Tag Archives: brambles

A Sunday walk from home

It was already warm at 10.00, so we took our walk early. I had a foraging bag in my pocket and spent a few minutes in the scented shade of a lime, or linden, tree, gathering the blossom to dry for tea – a soporific I’m told – and working alongside the bees, hive and humble.

I’m always reminded of a primary school teacher who insisted, heavy-handedly, that there were no green flowers, but see above; and that grass was always green. See above and below. Use your eyes!

Use your eyes? It was our ears alerted us to the peacock, but he is surprisingly well camouflaged in the dappled shade below. His markings effectively break up the outline of his body; he looks like part of the tree and part of the shadow.

Final picture, another bird whose camouflage is effective. This wood pigeon is sitting in next door’s birch tree; the passageway between the two human houses channels and increases whatever wind there may be. Pigeon is probably enjoying a gentle breeze.

The first ripe blackberry today, only a few days later than usual.

Foragers, Beware!

field edge near Canterbury, blackberry time.

When we were growing up in Erdington, on the edge of Birmingham, we knew all about blackberries, and we knew neither to pick nor eat any berries that had not been given a parental seal of approval. George Borrow (b 1803) was a little boy during the Napoleonic Wars, and followed his father around England in connection with his military duties. Once the family were based in Kent at blackberry time.

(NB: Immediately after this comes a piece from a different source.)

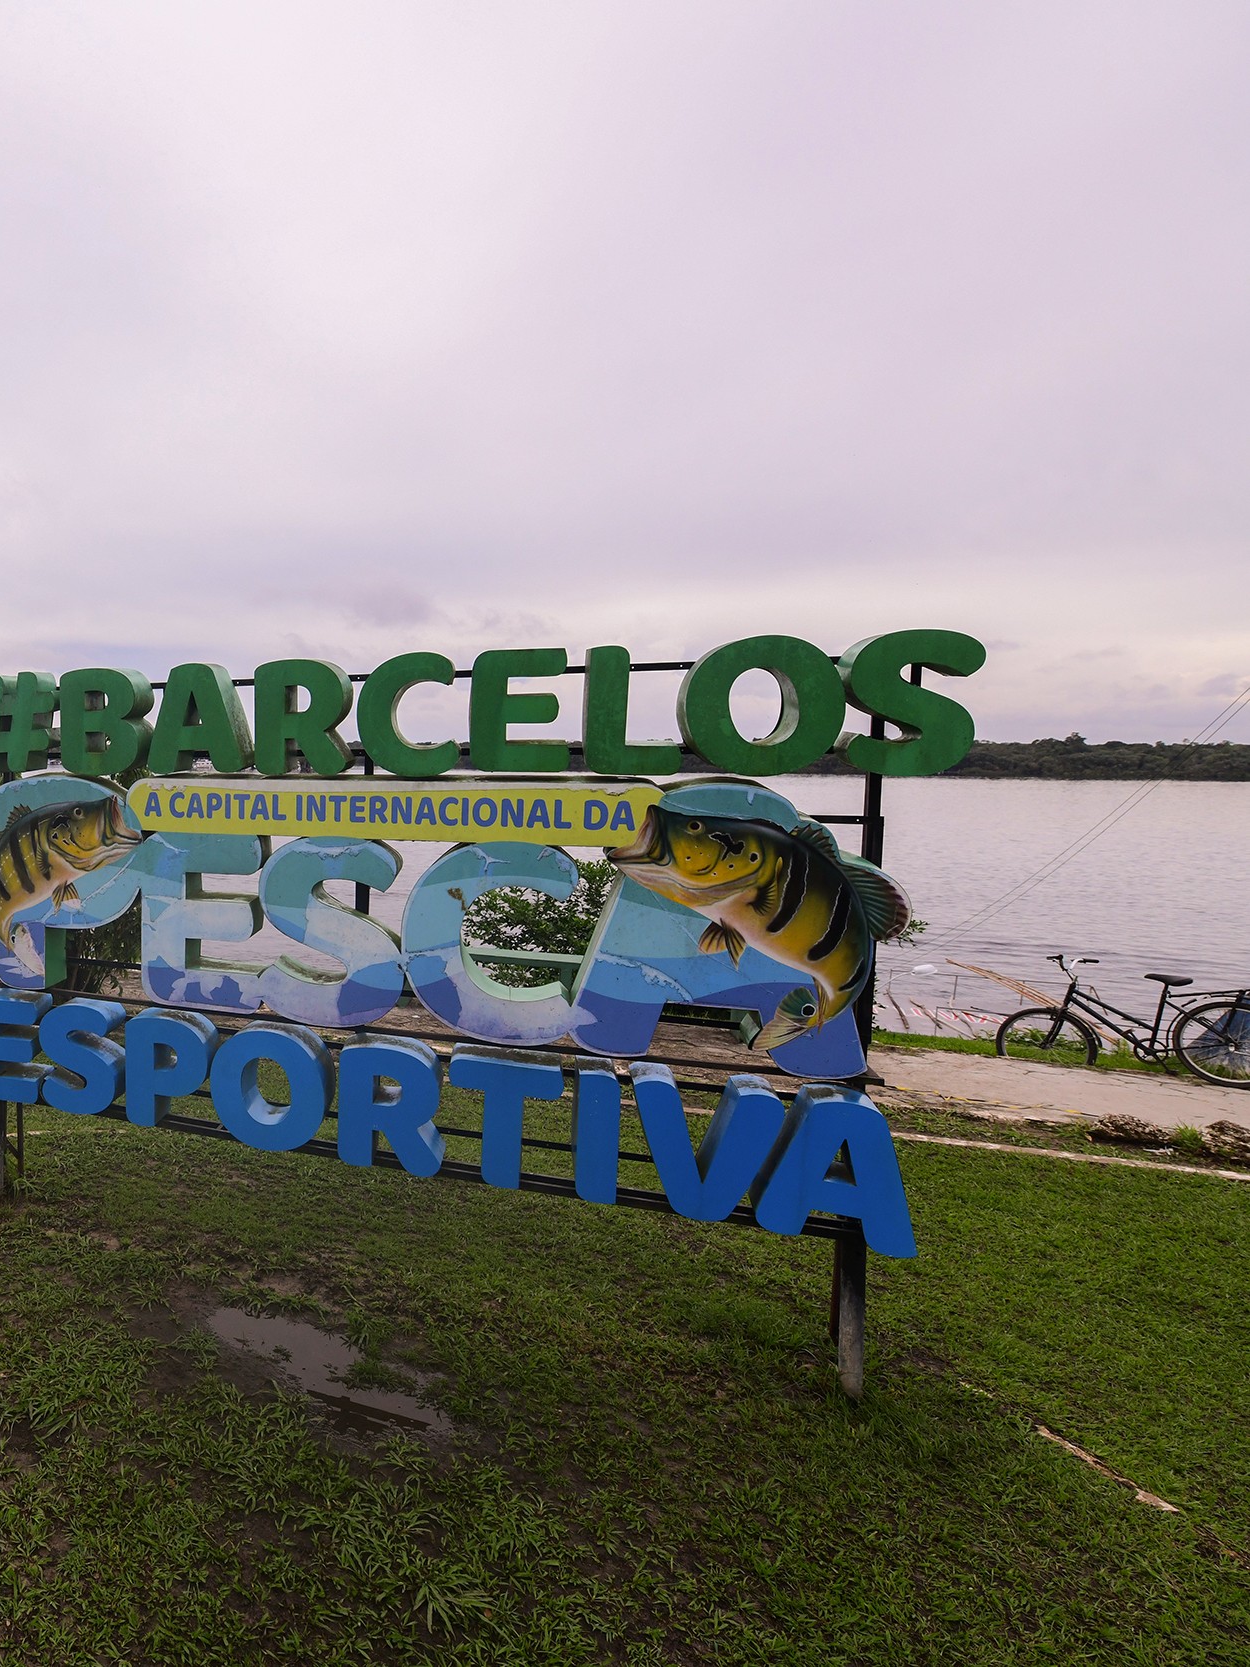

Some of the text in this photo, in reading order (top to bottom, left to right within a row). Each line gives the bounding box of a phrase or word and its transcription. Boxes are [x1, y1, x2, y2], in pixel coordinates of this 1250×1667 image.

My brother and myself were disporting ourselves in certain fields near the good town of Canterbury.  A female servant had attended us, in order to take care that we came to no mischief: she, however, it seems, had matters of her own to attend to, and, allowing us to go where we listed, remained in one corner of a field, in earnest conversation with a red-coated dragoon. 

Now it chanced to be blackberry time, and the two children wandered under the hedges, peering anxiously among them in quest of that trash so grateful to urchins of their degree.  We did not find much of it, however, and were soon separated in the pursuit.  All at once I stood still, and could scarcely believe my eyes.  I had come to a spot where, almost covering the hedge, hung clusters of what seemed fruit—deliciously-tempting fruit—something resembling grapes of various colours, green, red, and purple.  Dear me, thought I, how fortunate! yet have I a right to gather it? is it mine? for the observance of the law of meum and tuum had early been impressed upon my mind, and I entertained, even at that tender age, the utmost horror for theft; so I stood staring at the variegated clusters, in doubt as to what I should do.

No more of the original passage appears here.